I decided to use my 1930s Garden Party frock pattern – so easy and fun, and I’m so familiar with it so it would be so very simple to put together.  I would get the frock cut out in the week before Christmas, assemble the bodice and skirt, put in the bias facings at neck and armhole, and take it with me to Nelson when we left on the 24th.

Then, as we sat around with my parent-in-law and Gran and Grandbob in the days after Christmas, drinking tea and watching cricket, I would hand sew down all the bias facings and assemble a belt.  Mr D and I would arrive back in Wellington on the 30th, I’d quickly sew the skirt to the bodice on the night of the 30th, and we’d do a photoshoot on New Years Eve morning, just in time for the challenge.  That was the plan.  It would be so simple.

And then everything got very complicated.

The call arrived at midday on the 24th.  “Gran went to hospital in an ambulance that morning.  You’ll be able to see her when you arrive in Nelson.  Can you drive your BIL to the airport?”
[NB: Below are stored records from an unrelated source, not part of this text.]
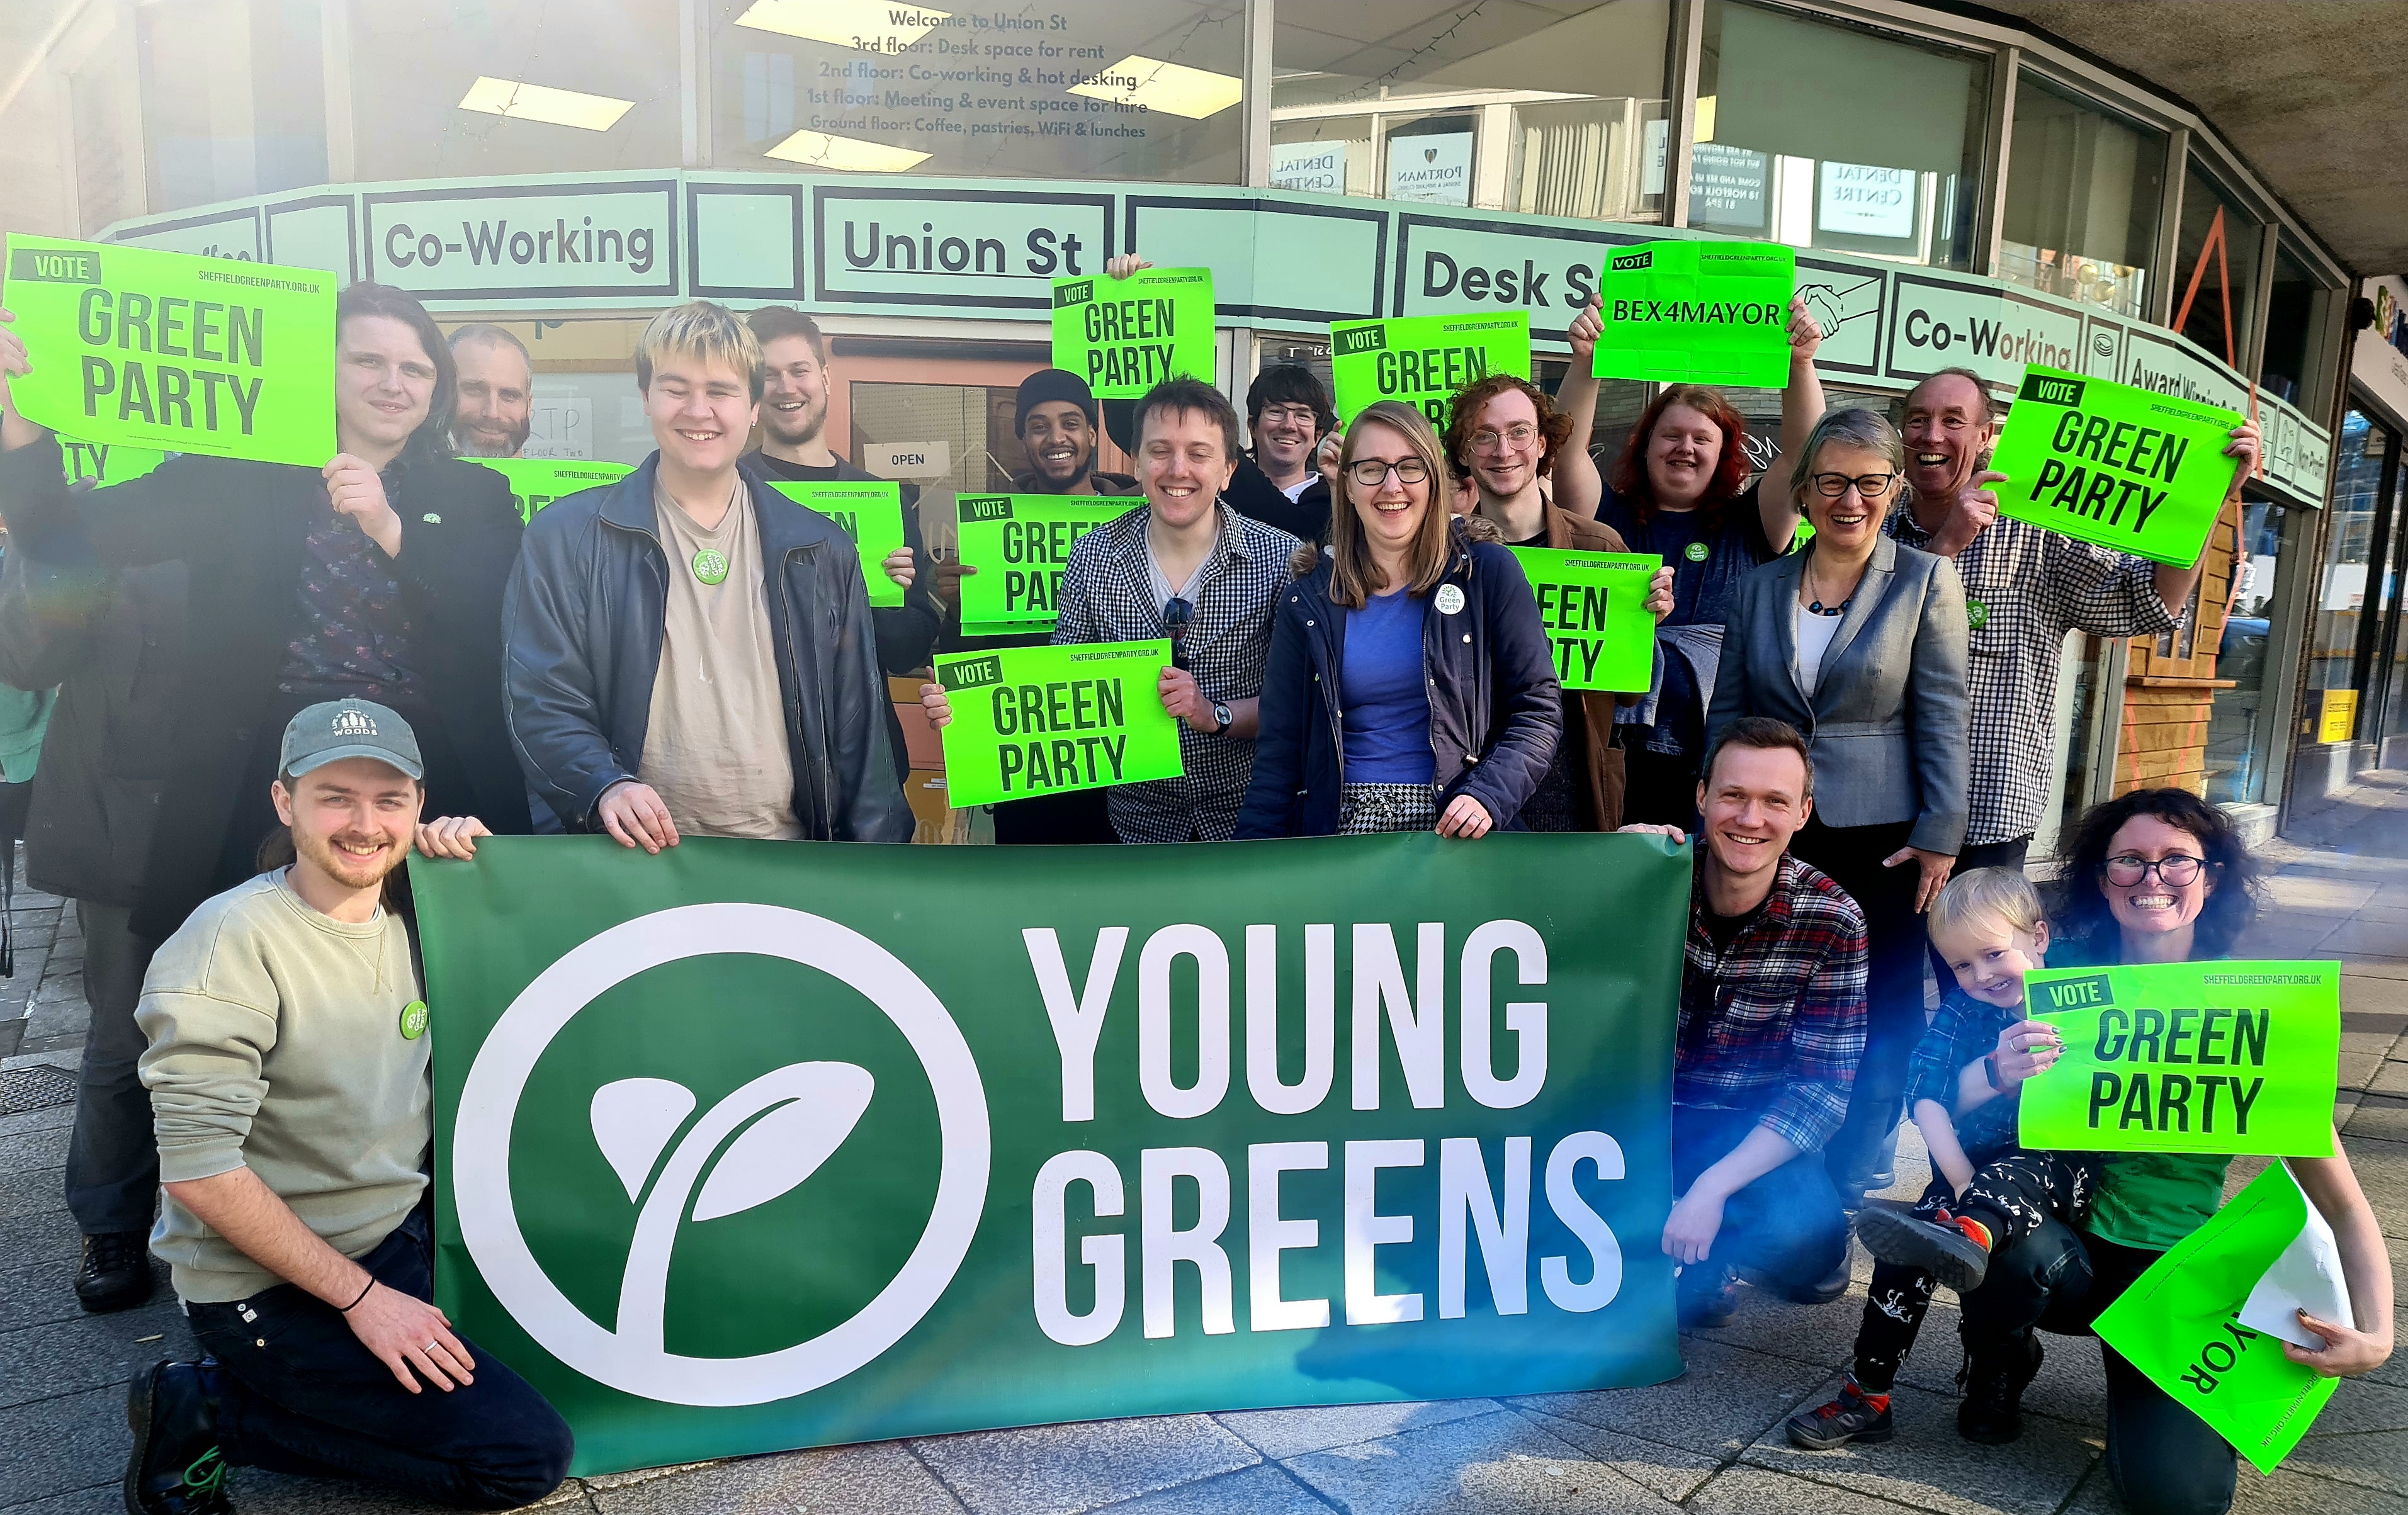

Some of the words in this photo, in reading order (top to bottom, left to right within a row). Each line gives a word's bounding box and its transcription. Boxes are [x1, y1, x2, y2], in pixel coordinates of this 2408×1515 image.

[888, 9, 967, 27] Welcome
[971, 14, 989, 28] to
[993, 13, 1044, 30] Union
[1049, 14, 1067, 31] St
[852, 36, 881, 52] 3rd
[886, 37, 933, 54] floor:
[938, 38, 978, 55] Desk
[984, 44, 1033, 60] space
[1038, 40, 1063, 57] for
[1069, 45, 1105, 59] rent
[819, 61, 852, 78] 2nd
[857, 62, 904, 79] floor:
[908, 64, 1013, 87] Co-working
[1018, 67, 1033, 84] &
[1037, 67, 1065, 85] hot
[1070, 69, 1137, 91] desking
[808, 88, 829, 104] 1st
[834, 88, 879, 106] floor:
[885, 90, 954, 112] Meeting
[959, 92, 973, 108] &
[978, 96, 1026, 110] event
[1029, 99, 1079, 115] space
[1084, 97, 1109, 113] for
[1114, 97, 1148, 113] hire
[810, 115, 867, 130] Ground
[871, 116, 910, 131] floor:
[914, 118, 967, 135] Coffee,
[971, 120, 1034, 137] pastries,
[1037, 121, 1070, 136] WiFi
[1075, 122, 1087, 137] &
[1090, 122, 1145, 138] lunches
[385, 215, 655, 274] Co-Working
[845, 222, 1006, 273] Union
[1026, 228, 1083, 276] St
[33, 254, 89, 279] VOTE
[1614, 256, 1650, 271] VOTE
[198, 269, 320, 295] SHEFFIELDGREENPARTY.ORG.UK
[1423, 251, 1551, 307] Desk
[1064, 284, 1088, 303] VOTE
[1084, 298, 1175, 344] GREEN
[1613, 300, 1780, 326] BEX4MAYOR
[77, 288, 264, 367] GREEN
[1346, 329, 1379, 350] VOTE
[1905, 308, 2072, 370] Co-Working
[1088, 343, 1175, 387] PARTY
[1377, 346, 1487, 395] GREEN
[81, 355, 264, 436] PARTY
[2038, 380, 2077, 403] VOTE
[891, 454, 925, 465] OPEN
[2052, 410, 2190, 484] GREEN
[972, 500, 1006, 517] VOTE
[2029, 458, 2169, 534] PARTY
[1564, 559, 1650, 572] SHEFFIELDGREENPARTY.ORG.UK
[1440, 603, 1459, 612] Party
[1537, 583, 1608, 632] EEN
[1070, 648, 1159, 662] SHEFFIELDGREENPARTY.ORG.UK
[953, 661, 995, 685] VOTE
[992, 678, 1125, 736] GREEN
[998, 734, 1126, 792] PARTY
[2203, 974, 2322, 985] SHEFFIELDGREENPARTY.ORG.UK
[2049, 981, 2102, 1008] VOTE
[1021, 919, 1548, 1122] YOUNG
[2093, 1008, 2271, 1066] GREEN
[2088, 1072, 2264, 1135] PARTY
[1031, 1130, 1626, 1346] GREENS
Our day fell apart.  We couldn’t focus – couldn’t get ready to leave for a week.  I abandoned my sewing – forgot to take the dress, focused on taking care of Mr D.  He looked at his suitcase, full of shorts and summer shirts, stood in front of the closet, his hand on a suit.  Would he need it?

Christmas day was sweltering hot, and passed in a blur of waiting, of trips to the hospital and jumping every time the phone rang.  “Come to the hospital immediately”.  A few minutes later “No, no need to hurry, she’s doing better”.  It rang last just before midnight.  Gran was gone.  The skies opened, and it poured.
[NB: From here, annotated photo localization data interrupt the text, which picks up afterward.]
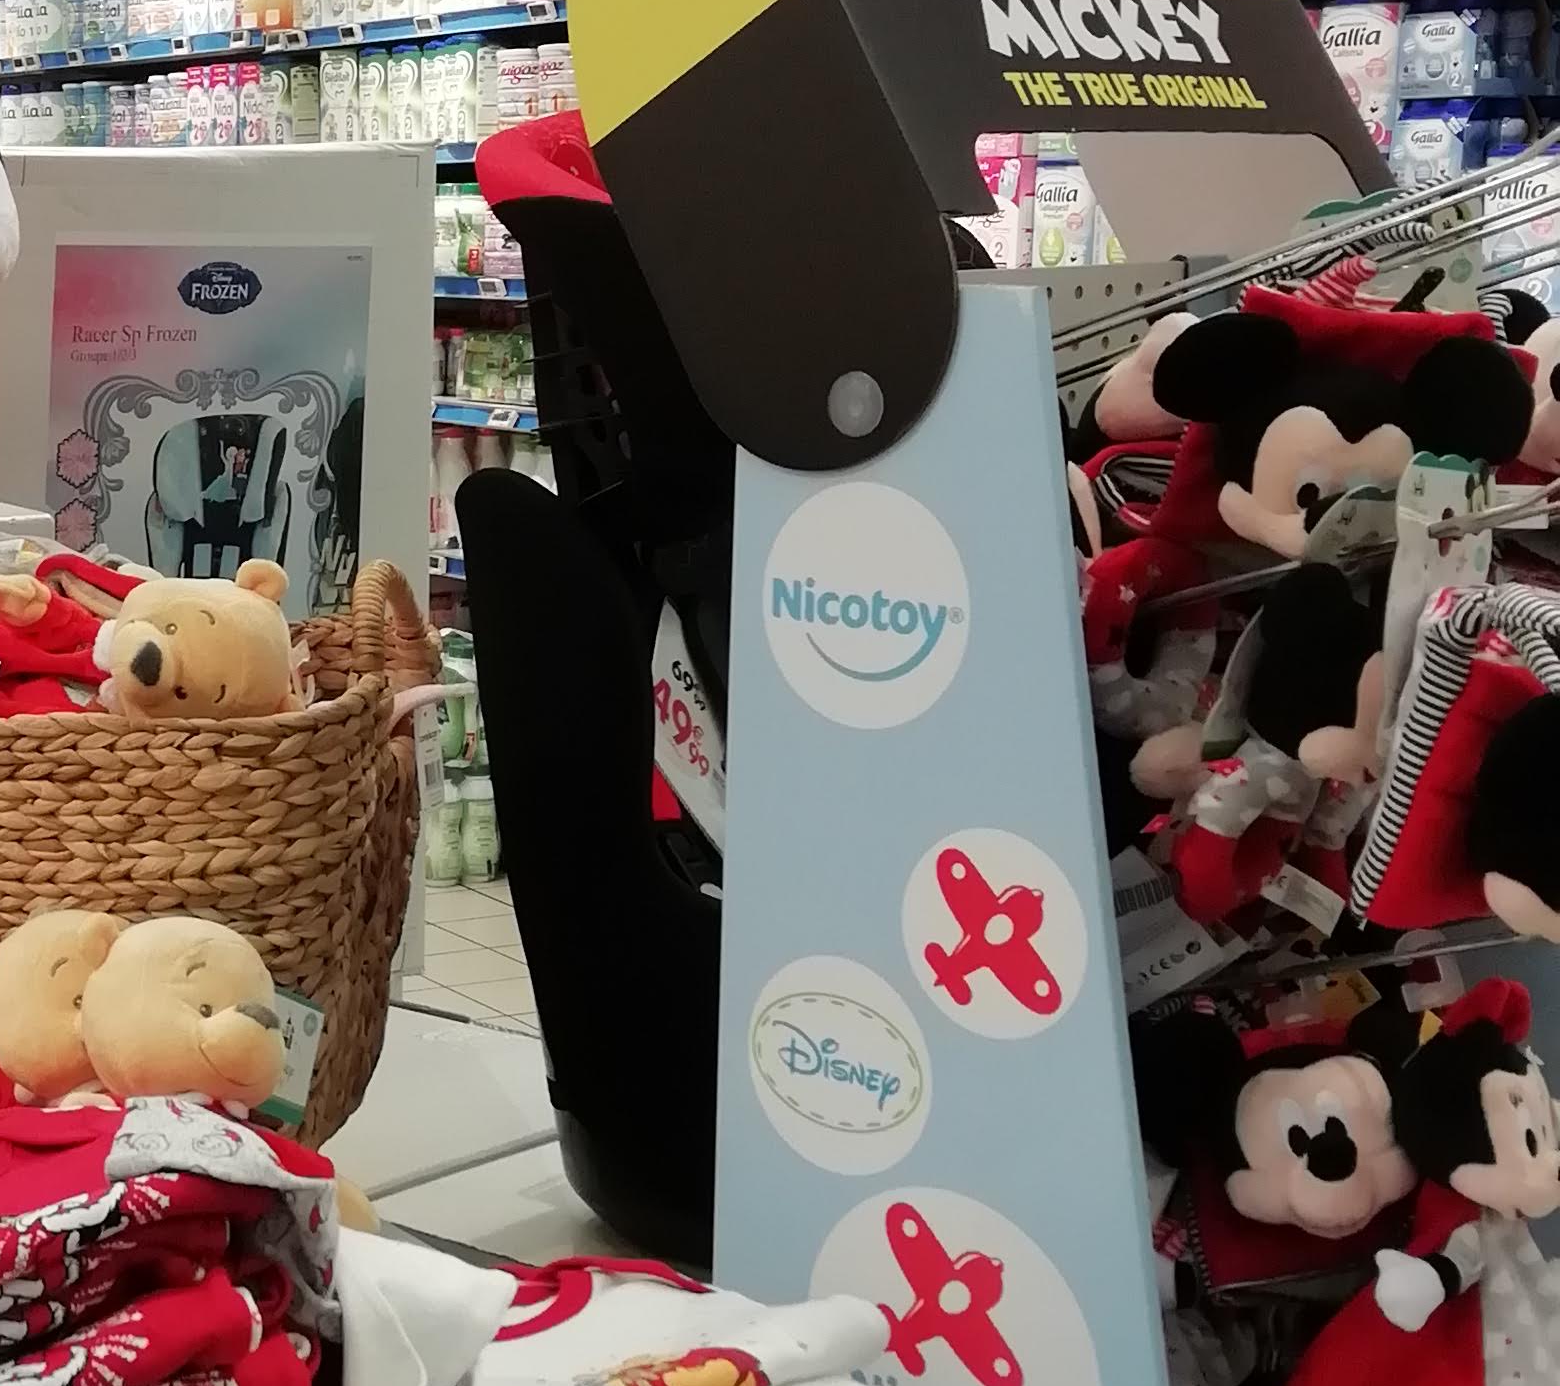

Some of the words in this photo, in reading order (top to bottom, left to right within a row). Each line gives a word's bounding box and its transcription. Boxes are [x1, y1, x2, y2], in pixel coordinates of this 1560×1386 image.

[1323, 24, 1381, 49] Gallia
[1421, 24, 1456, 38] Gallia
[1003, 71, 1072, 107] THE
[1065, 72, 1147, 107] TRUE
[1143, 75, 1268, 110] ORIGINAL
[1411, 131, 1443, 145] Gallia
[1036, 183, 1078, 203] Gallia
[191, 282, 249, 302] FROZEN
[72, 325, 117, 342] Racer
[146, 324, 197, 342] Frozen
[773, 1020, 901, 1111] Disney
We came back on the 30th, the funeral over and the week gone.  There had been lots of tea, but no cricket.  We cuddled Felicity and sat in the silent living room.  I looked at my sewing machine and the fabric, and tried to get motivated.

The sewing finally happened, but slowly.  It wasn’t done until 5.30 on the 31st.  I put on the dress and Gran’s wedding pearls and put my heels in a bag and we went for a long walk then – across the hills and down a hidden lane.  Mr D took pictures of me in the dress.  I thought of Gran making biscuits, of the roses in her garden, of stories of Gran reading Coleridge to guinea pigs, of her working for women’s rights, and I smiled.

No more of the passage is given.